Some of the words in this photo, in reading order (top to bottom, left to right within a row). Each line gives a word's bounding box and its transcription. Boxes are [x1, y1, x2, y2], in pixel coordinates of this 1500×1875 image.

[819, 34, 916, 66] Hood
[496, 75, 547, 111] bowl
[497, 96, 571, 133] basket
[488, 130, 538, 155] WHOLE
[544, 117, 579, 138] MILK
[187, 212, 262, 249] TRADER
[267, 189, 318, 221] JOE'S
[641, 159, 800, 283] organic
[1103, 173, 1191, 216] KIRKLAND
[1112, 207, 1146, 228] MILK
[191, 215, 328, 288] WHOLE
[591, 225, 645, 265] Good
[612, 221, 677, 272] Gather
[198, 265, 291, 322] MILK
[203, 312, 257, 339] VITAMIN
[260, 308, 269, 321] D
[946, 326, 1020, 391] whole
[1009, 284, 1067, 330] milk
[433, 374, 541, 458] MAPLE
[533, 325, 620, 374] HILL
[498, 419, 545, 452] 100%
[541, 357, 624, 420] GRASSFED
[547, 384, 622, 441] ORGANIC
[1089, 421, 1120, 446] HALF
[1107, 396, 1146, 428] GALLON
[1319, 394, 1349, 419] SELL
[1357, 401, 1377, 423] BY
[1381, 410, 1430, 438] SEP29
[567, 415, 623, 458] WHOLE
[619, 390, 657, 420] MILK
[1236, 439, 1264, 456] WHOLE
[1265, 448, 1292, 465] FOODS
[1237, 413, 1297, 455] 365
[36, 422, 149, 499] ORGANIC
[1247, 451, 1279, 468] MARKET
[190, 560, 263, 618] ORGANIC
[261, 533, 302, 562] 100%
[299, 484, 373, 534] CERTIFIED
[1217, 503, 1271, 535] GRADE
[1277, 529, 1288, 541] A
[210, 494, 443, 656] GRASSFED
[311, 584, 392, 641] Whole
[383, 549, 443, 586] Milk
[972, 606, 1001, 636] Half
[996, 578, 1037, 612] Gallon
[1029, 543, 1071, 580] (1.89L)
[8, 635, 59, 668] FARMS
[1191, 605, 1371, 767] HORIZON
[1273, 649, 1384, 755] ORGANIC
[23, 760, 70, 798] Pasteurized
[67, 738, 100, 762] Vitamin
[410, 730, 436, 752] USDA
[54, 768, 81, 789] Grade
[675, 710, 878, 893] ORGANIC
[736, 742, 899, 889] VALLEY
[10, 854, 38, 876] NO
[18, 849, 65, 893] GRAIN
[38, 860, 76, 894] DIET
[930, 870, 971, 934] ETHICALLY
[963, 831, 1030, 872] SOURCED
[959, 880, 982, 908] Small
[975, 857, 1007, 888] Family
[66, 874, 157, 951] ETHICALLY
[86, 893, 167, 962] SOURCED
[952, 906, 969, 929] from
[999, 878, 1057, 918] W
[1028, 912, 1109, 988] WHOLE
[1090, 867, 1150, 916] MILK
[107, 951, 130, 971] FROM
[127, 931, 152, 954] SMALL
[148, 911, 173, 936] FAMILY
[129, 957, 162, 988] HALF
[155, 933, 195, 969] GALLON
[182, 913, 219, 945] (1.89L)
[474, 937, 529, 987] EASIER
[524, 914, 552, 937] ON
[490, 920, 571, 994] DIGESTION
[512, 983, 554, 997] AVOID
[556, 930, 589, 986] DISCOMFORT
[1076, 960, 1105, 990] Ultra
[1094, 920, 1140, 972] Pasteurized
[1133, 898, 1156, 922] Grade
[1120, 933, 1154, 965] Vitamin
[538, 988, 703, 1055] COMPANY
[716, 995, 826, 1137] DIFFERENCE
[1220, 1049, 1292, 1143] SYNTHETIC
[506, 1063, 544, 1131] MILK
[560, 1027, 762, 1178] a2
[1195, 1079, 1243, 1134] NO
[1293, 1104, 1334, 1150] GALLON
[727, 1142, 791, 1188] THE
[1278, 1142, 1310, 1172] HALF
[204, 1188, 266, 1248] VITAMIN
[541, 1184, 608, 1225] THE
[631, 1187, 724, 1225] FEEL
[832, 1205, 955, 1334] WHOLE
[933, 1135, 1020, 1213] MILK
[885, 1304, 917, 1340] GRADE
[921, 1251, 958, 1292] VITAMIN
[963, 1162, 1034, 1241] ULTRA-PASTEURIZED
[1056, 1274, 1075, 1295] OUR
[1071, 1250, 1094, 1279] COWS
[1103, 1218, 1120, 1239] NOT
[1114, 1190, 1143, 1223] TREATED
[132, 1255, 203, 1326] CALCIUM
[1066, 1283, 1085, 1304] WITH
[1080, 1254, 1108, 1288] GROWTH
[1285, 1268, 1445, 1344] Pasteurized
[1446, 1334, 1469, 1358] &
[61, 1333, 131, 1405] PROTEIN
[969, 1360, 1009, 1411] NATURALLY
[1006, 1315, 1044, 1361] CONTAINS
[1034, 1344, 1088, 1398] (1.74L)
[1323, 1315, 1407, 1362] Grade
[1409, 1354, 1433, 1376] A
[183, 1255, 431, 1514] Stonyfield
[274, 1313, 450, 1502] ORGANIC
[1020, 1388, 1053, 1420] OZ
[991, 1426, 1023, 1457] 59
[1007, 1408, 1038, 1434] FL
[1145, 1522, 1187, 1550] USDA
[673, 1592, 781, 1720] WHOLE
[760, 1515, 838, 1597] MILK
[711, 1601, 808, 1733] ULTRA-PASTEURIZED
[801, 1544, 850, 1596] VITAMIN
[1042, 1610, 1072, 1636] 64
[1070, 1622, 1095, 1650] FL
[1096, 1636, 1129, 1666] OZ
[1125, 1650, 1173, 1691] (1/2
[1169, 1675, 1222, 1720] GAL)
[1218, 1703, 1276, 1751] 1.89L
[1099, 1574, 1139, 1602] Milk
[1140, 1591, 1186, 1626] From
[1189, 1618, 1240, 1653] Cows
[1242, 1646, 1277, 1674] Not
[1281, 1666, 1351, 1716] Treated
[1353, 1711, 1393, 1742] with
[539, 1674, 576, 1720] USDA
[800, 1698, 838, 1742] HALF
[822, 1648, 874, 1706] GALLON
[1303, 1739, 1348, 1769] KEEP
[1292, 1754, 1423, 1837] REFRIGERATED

|---|

#### [WHAT TO WORK ON]
Write out all the data again, exactly as it appears.

#### [ANSWER BOX]
Some of the words in this photo, in reading order (top to bottom, left to right within a row). Each line gives a word's bounding box and its transcription. Boxes are [x1, y1, x2, y2], in pixel coordinates of this 1500×1875 image.

[819, 34, 916, 66] Hood
[496, 75, 547, 111] bowl
[497, 96, 571, 133] basket
[488, 130, 538, 155] WHOLE
[544, 117, 579, 138] MILK
[187, 212, 262, 249] TRADER
[267, 189, 318, 221] JOE'S
[641, 159, 800, 283] organic
[1103, 173, 1191, 216] KIRKLAND
[1112, 207, 1146, 228] MILK
[191, 215, 328, 288] WHOLE
[591, 225, 645, 265] Good
[612, 221, 677, 272] Gather
[198, 265, 291, 322] MILK
[203, 312, 257, 339] VITAMIN
[260, 308, 269, 321] D
[946, 326, 1020, 391] whole
[1009, 284, 1067, 330] milk
[433, 374, 541, 458] MAPLE
[533, 325, 620, 374] HILL
[498, 419, 545, 452] 100%
[541, 357, 624, 420] GRASSFED
[547, 384, 622, 441] ORGANIC
[1089, 421, 1120, 446] HALF
[1107, 396, 1146, 428] GALLON
[1319, 394, 1349, 419] SELL
[1357, 401, 1377, 423] BY
[1381, 410, 1430, 438] SEP29
[567, 415, 623, 458] WHOLE
[619, 390, 657, 420] MILK
[1236, 439, 1264, 456] WHOLE
[1265, 448, 1292, 465] FOODS
[1237, 413, 1297, 455] 365
[36, 422, 149, 499] ORGANIC
[1247, 451, 1279, 468] MARKET
[190, 560, 263, 618] ORGANIC
[261, 533, 302, 562] 100%
[299, 484, 373, 534] CERTIFIED
[1217, 503, 1271, 535] GRADE
[1277, 529, 1288, 541] A
[210, 494, 443, 656] GRASSFED
[311, 584, 392, 641] Whole
[383, 549, 443, 586] Milk
[972, 606, 1001, 636] Half
[996, 578, 1037, 612] Gallon
[1029, 543, 1071, 580] (1.89L)
[8, 635, 59, 668] FARMS
[1191, 605, 1371, 767] HORIZON
[1273, 649, 1384, 755] ORGANIC
[23, 760, 70, 798] Pasteurized
[67, 738, 100, 762] Vitamin
[410, 730, 436, 752] USDA
[54, 768, 81, 789] Grade
[675, 710, 878, 893] ORGANIC
[736, 742, 899, 889] VALLEY
[10, 854, 38, 876] NO
[18, 849, 65, 893] GRAIN
[38, 860, 76, 894] DIET
[930, 870, 971, 934] ETHICALLY
[963, 831, 1030, 872] SOURCED
[959, 880, 982, 908] Small
[975, 857, 1007, 888] Family
[66, 874, 157, 951] ETHICALLY
[86, 893, 167, 962] SOURCED
[952, 906, 969, 929] from
[999, 878, 1057, 918] W
[1028, 912, 1109, 988] WHOLE
[1090, 867, 1150, 916] MILK
[107, 951, 130, 971] FROM
[127, 931, 152, 954] SMALL
[148, 911, 173, 936] FAMILY
[129, 957, 162, 988] HALF
[155, 933, 195, 969] GALLON
[182, 913, 219, 945] (1.89L)
[474, 937, 529, 987] EASIER
[524, 914, 552, 937] ON
[490, 920, 571, 994] DIGESTION
[512, 983, 554, 997] AVOID
[556, 930, 589, 986] DISCOMFORT
[1076, 960, 1105, 990] Ultra
[1094, 920, 1140, 972] Pasteurized
[1133, 898, 1156, 922] Grade
[1120, 933, 1154, 965] Vitamin
[538, 988, 703, 1055] COMPANY
[716, 995, 826, 1137] DIFFERENCE
[1220, 1049, 1292, 1143] SYNTHETIC
[506, 1063, 544, 1131] MILK
[560, 1027, 762, 1178] a2
[1195, 1079, 1243, 1134] NO
[1293, 1104, 1334, 1150] GALLON
[727, 1142, 791, 1188] THE
[1278, 1142, 1310, 1172] HALF
[204, 1188, 266, 1248] VITAMIN
[541, 1184, 608, 1225] THE
[631, 1187, 724, 1225] FEEL
[832, 1205, 955, 1334] WHOLE
[933, 1135, 1020, 1213] MILK
[885, 1304, 917, 1340] GRADE
[921, 1251, 958, 1292] VITAMIN
[963, 1162, 1034, 1241] ULTRA-PASTEURIZED
[1056, 1274, 1075, 1295] OUR
[1071, 1250, 1094, 1279] COWS
[1103, 1218, 1120, 1239] NOT
[1114, 1190, 1143, 1223] TREATED
[132, 1255, 203, 1326] CALCIUM
[1066, 1283, 1085, 1304] WITH
[1080, 1254, 1108, 1288] GROWTH
[1285, 1268, 1445, 1344] Pasteurized
[1446, 1334, 1469, 1358] &
[61, 1333, 131, 1405] PROTEIN
[969, 1360, 1009, 1411] NATURALLY
[1006, 1315, 1044, 1361] CONTAINS
[1034, 1344, 1088, 1398] (1.74L)
[1323, 1315, 1407, 1362] Grade
[1409, 1354, 1433, 1376] A
[183, 1255, 431, 1514] Stonyfield
[274, 1313, 450, 1502] ORGANIC
[1020, 1388, 1053, 1420] OZ
[991, 1426, 1023, 1457] 59
[1007, 1408, 1038, 1434] FL
[1145, 1522, 1187, 1550] USDA
[673, 1592, 781, 1720] WHOLE
[760, 1515, 838, 1597] MILK
[711, 1601, 808, 1733] ULTRA-PASTEURIZED
[801, 1544, 850, 1596] VITAMIN
[1042, 1610, 1072, 1636] 64
[1070, 1622, 1095, 1650] FL
[1096, 1636, 1129, 1666] OZ
[1125, 1650, 1173, 1691] (1/2
[1169, 1675, 1222, 1720] GAL)
[1218, 1703, 1276, 1751] 1.89L
[1099, 1574, 1139, 1602] Milk
[1140, 1591, 1186, 1626] From
[1189, 1618, 1240, 1653] Cows
[1242, 1646, 1277, 1674] Not
[1281, 1666, 1351, 1716] Treated
[1353, 1711, 1393, 1742] with
[539, 1674, 576, 1720] USDA
[800, 1698, 838, 1742] HALF
[822, 1648, 874, 1706] GALLON
[1303, 1739, 1348, 1769] KEEP
[1292, 1754, 1423, 1837] REFRIGERATED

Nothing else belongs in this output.